**Brief**
Leave every picture behind and copy the rest of the entries below exactly.
[Opening Provided entries section]
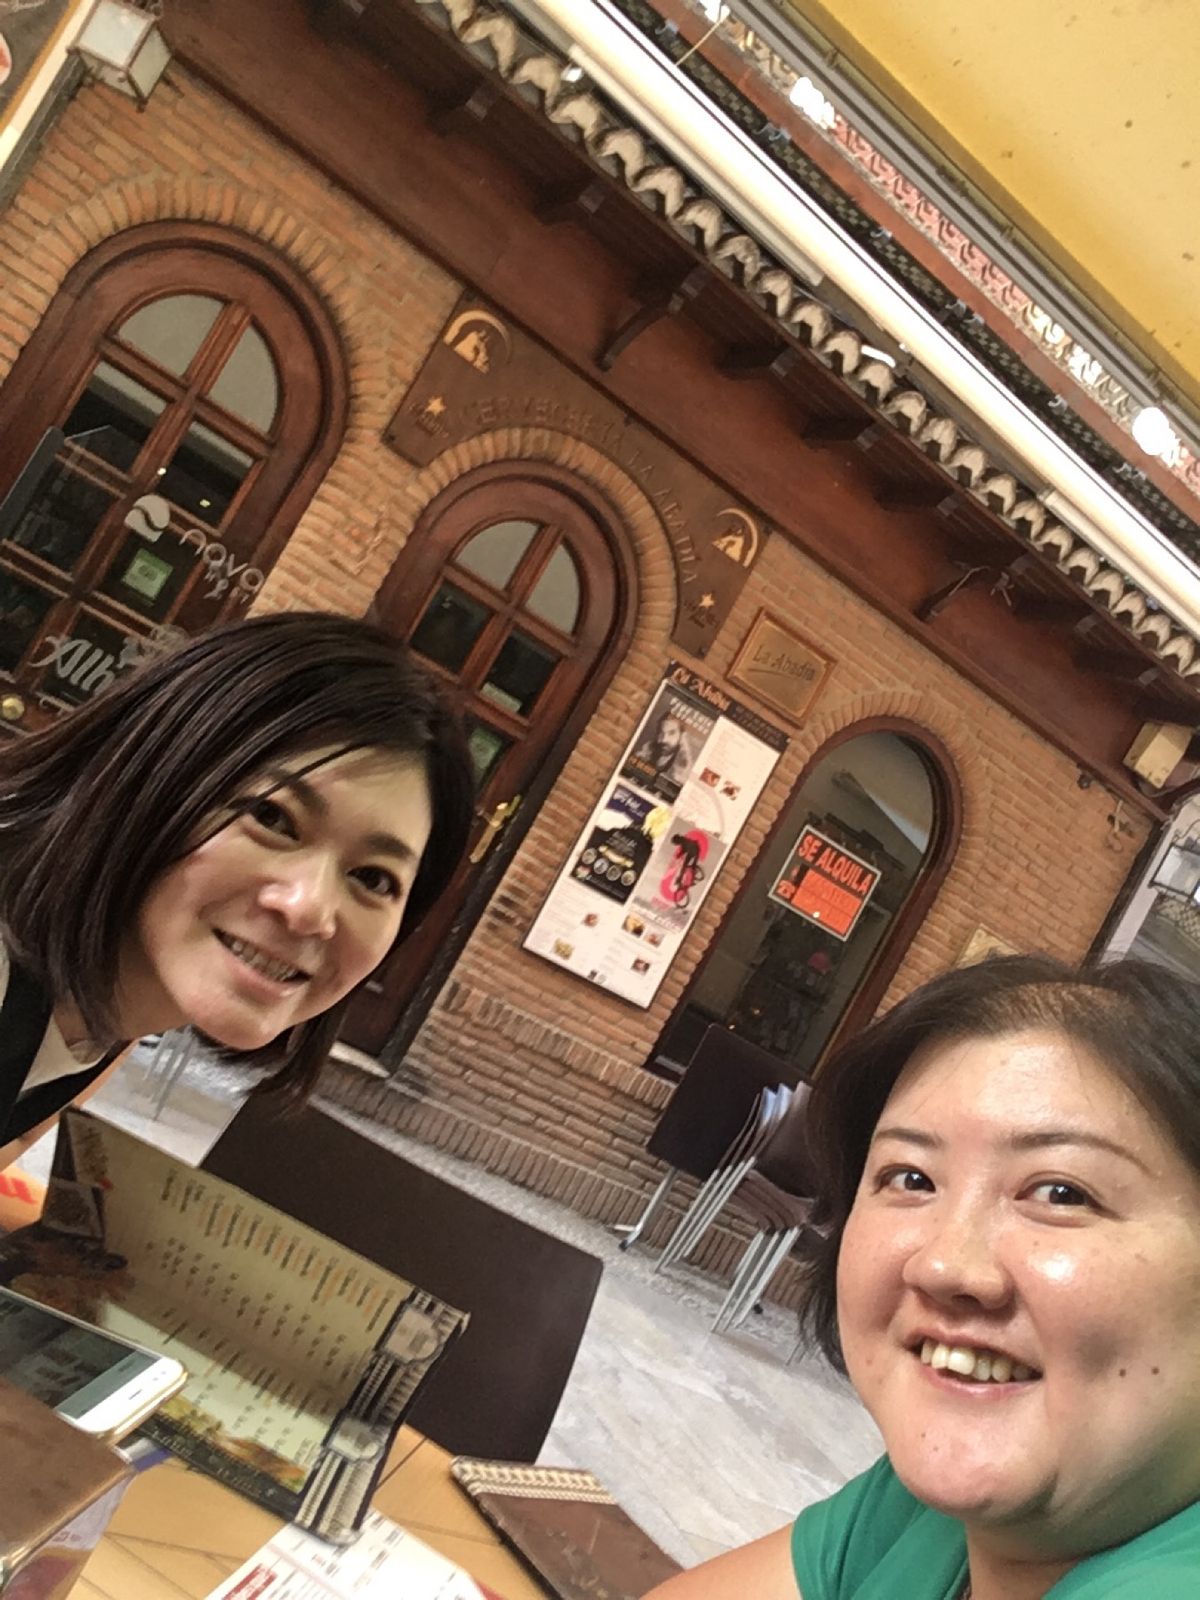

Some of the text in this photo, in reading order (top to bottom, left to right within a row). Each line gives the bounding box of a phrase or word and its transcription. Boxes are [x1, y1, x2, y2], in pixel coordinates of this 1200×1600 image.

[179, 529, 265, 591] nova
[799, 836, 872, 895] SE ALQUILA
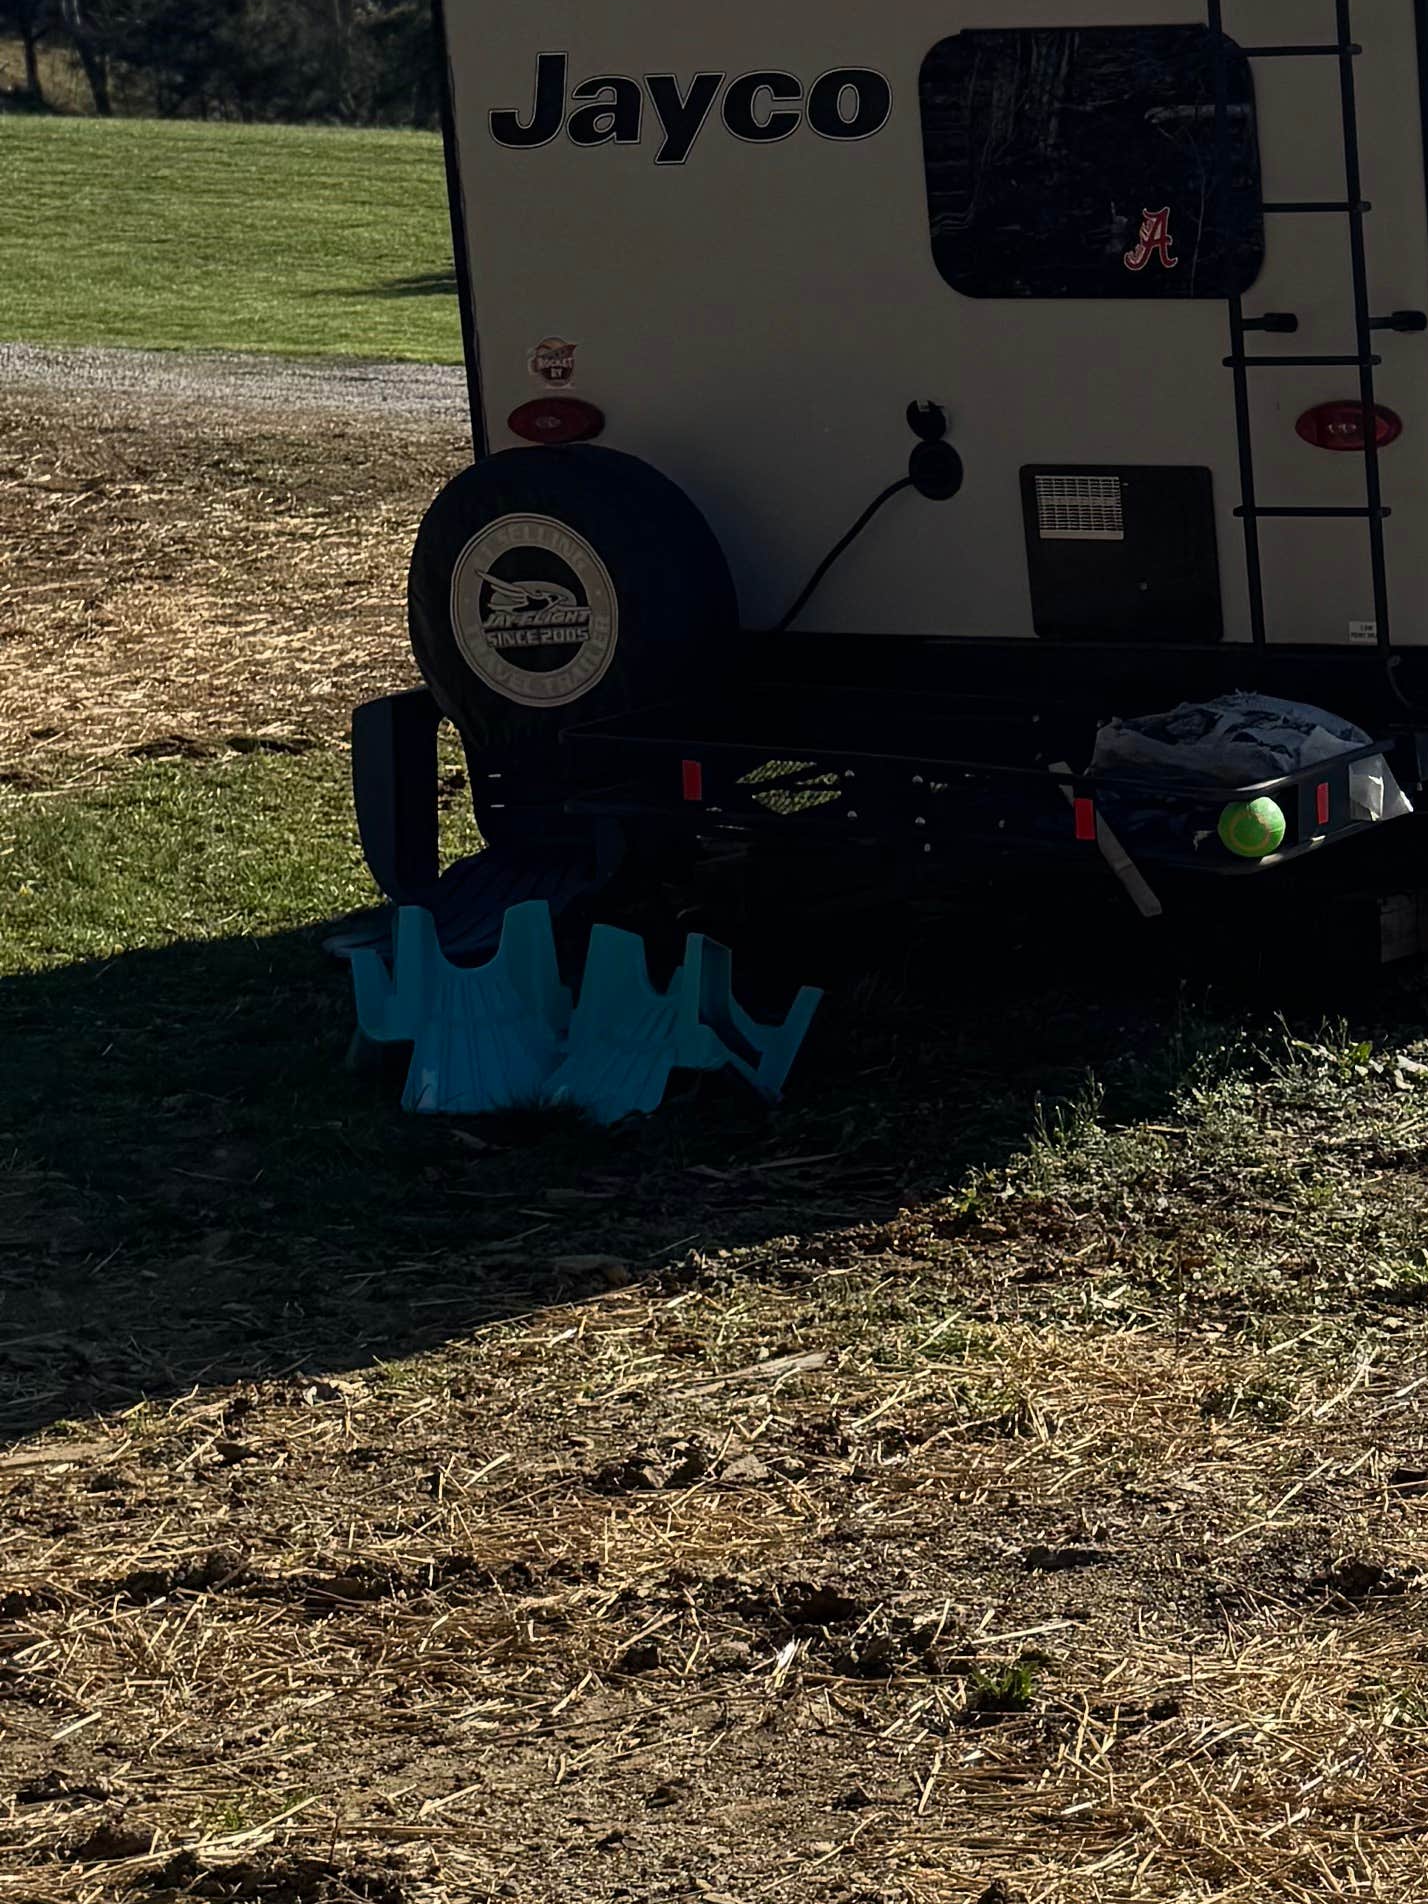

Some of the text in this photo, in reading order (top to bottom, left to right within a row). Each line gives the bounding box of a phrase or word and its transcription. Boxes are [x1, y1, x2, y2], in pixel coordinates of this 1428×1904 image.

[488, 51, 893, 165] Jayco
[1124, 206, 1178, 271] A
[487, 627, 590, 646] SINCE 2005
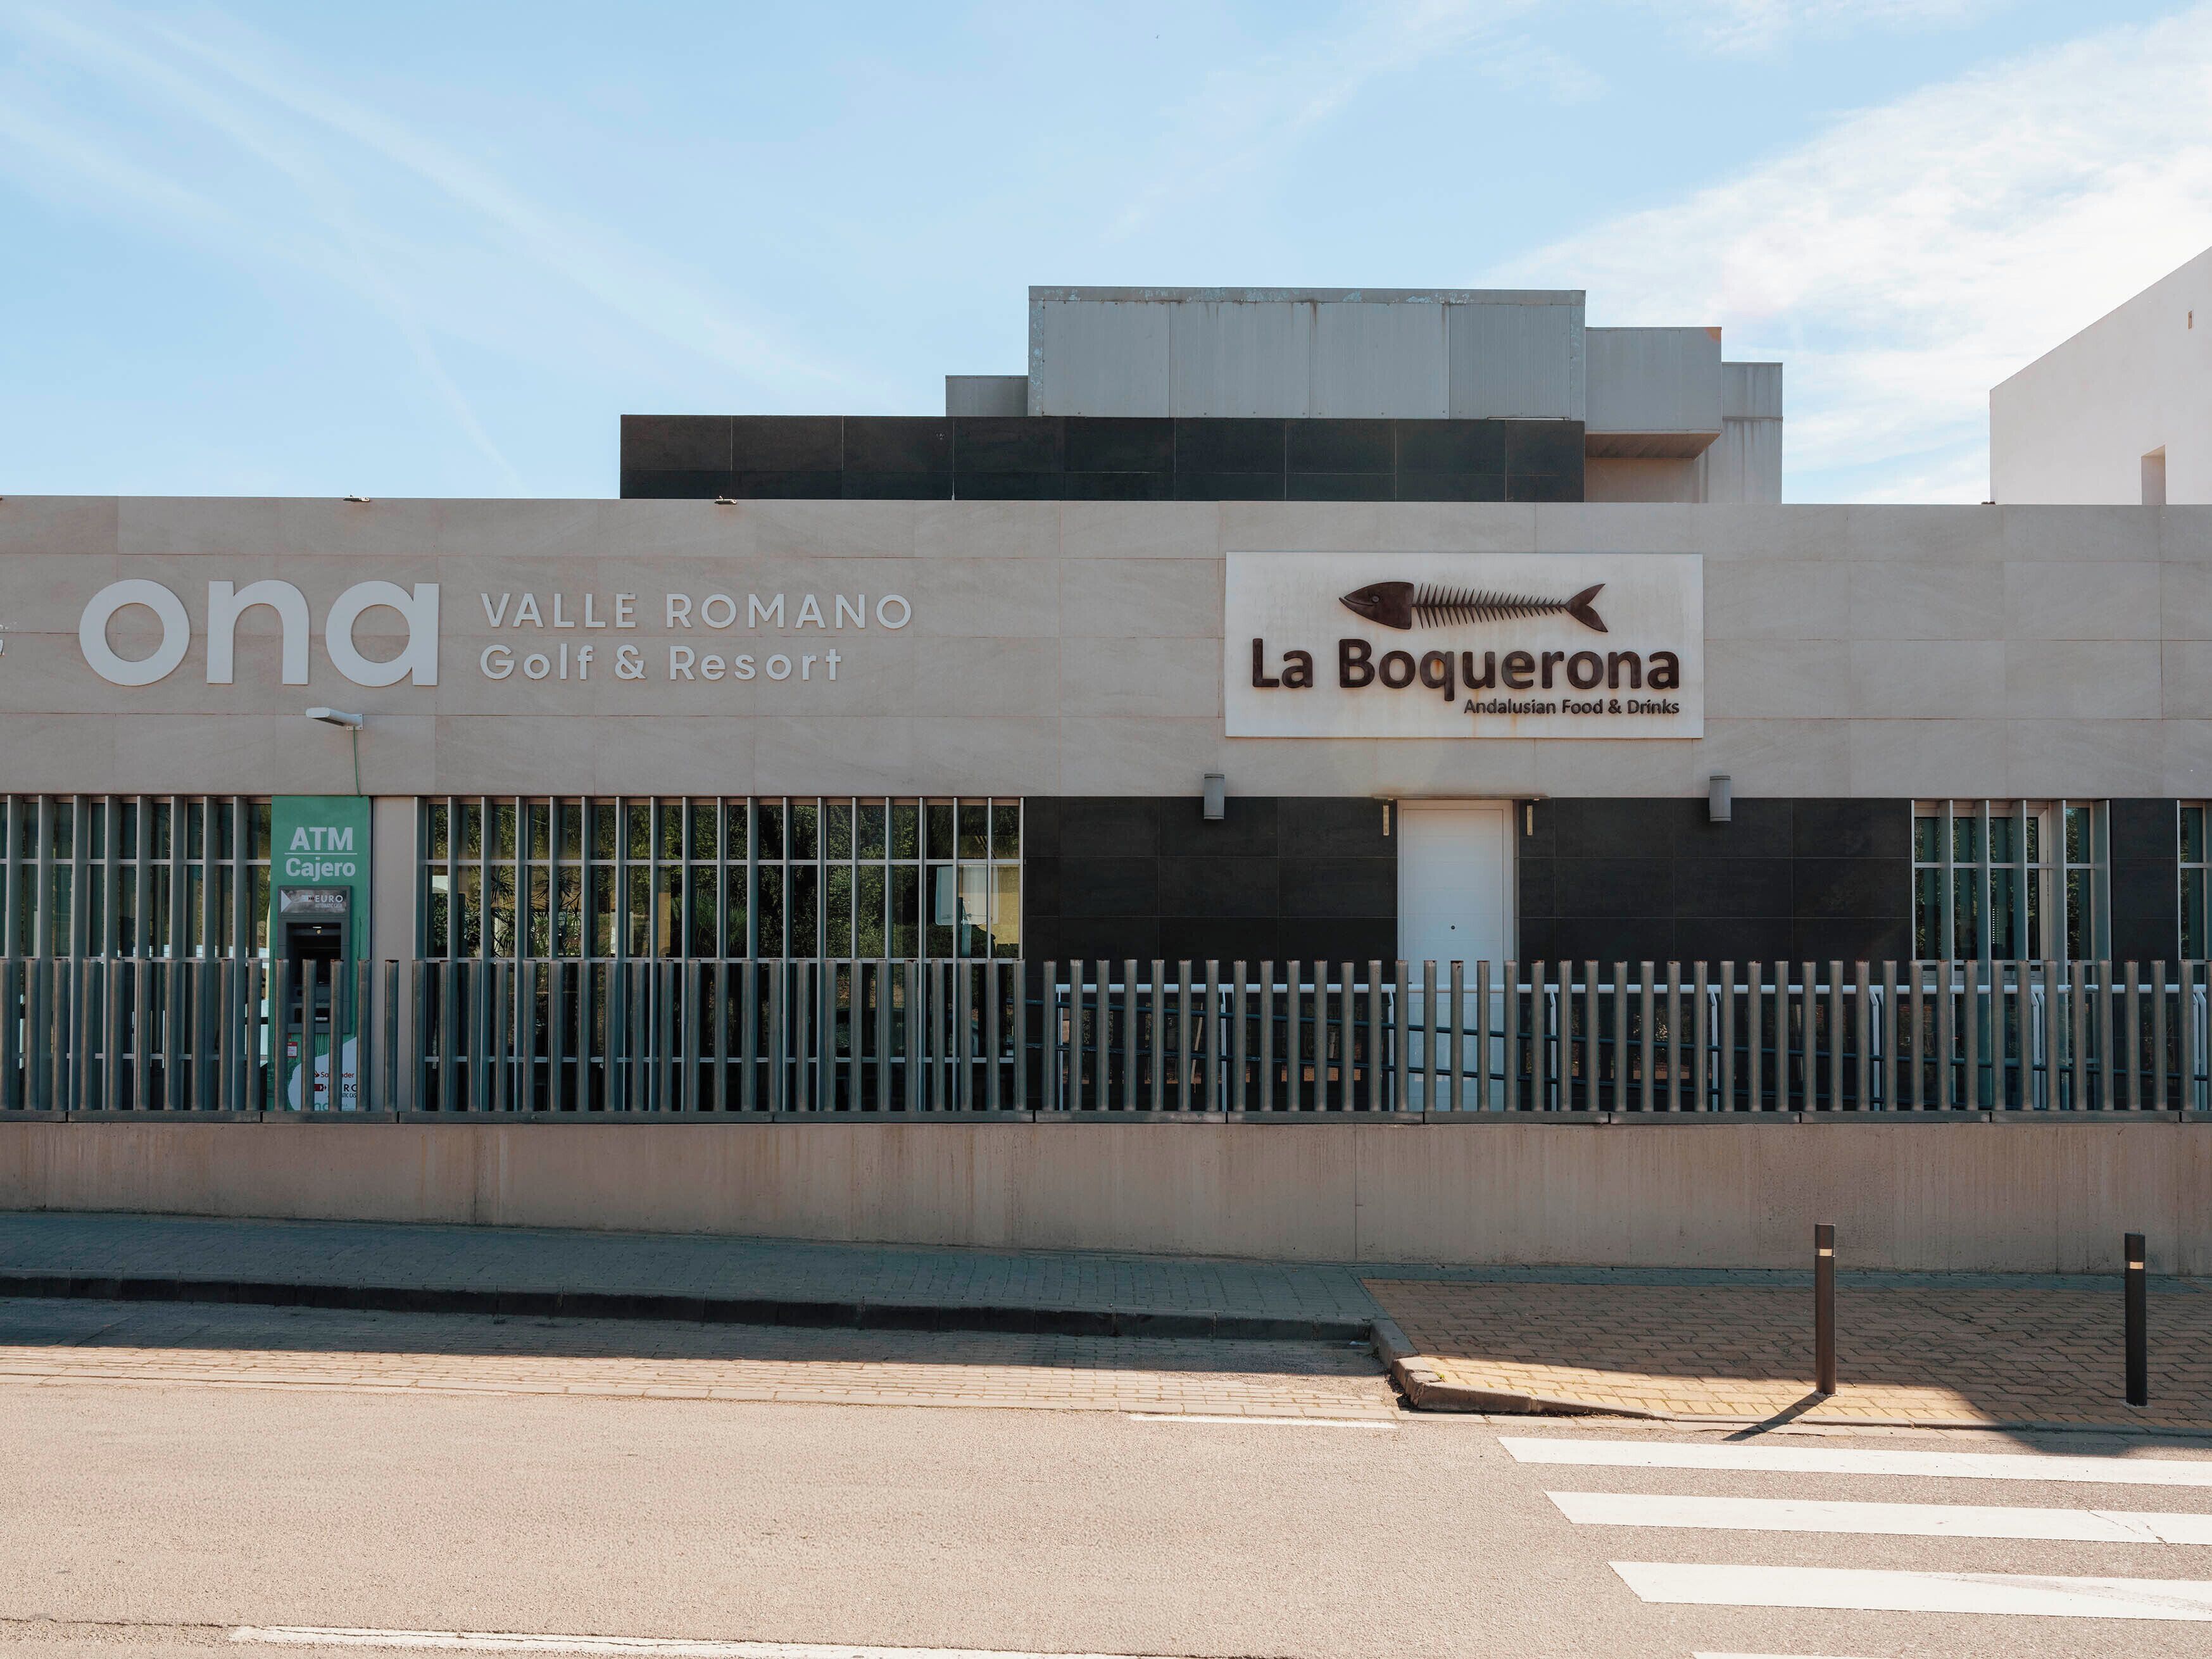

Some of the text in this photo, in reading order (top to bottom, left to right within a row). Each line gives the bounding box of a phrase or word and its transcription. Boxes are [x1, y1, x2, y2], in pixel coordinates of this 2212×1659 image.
[Closing Provided entries section]
**Written answer**
Some of the text in this photo, in reading order (top to bottom, left to right within a row). Each line gives the bounding box of a phrase or word and its transcription. Boxes are [x1, y1, x2, y2], in pixel coordinates of this 1200×1600 image.

[179, 529, 265, 591] nova
[799, 836, 872, 895] SE ALQUILA

Some of the text in this photo, in reading order (top to bottom, left to right within a row). Each line gives the bounding box of a phrase or word and its transcription. Boxes are [x1, y1, x2, y2], in pixel coordinates of this 1428×1904 image.

[488, 51, 893, 165] Jayco
[1124, 206, 1178, 271] A
[487, 627, 590, 646] SINCE 2005

Some of the text in this photo, in reading order (top to bottom, left to right within a row). Each line gives the bounding box of a phrase or word and its transcription. Boxes are [x1, y1, x2, y2], in pixel coordinates of this 2212×1659 image.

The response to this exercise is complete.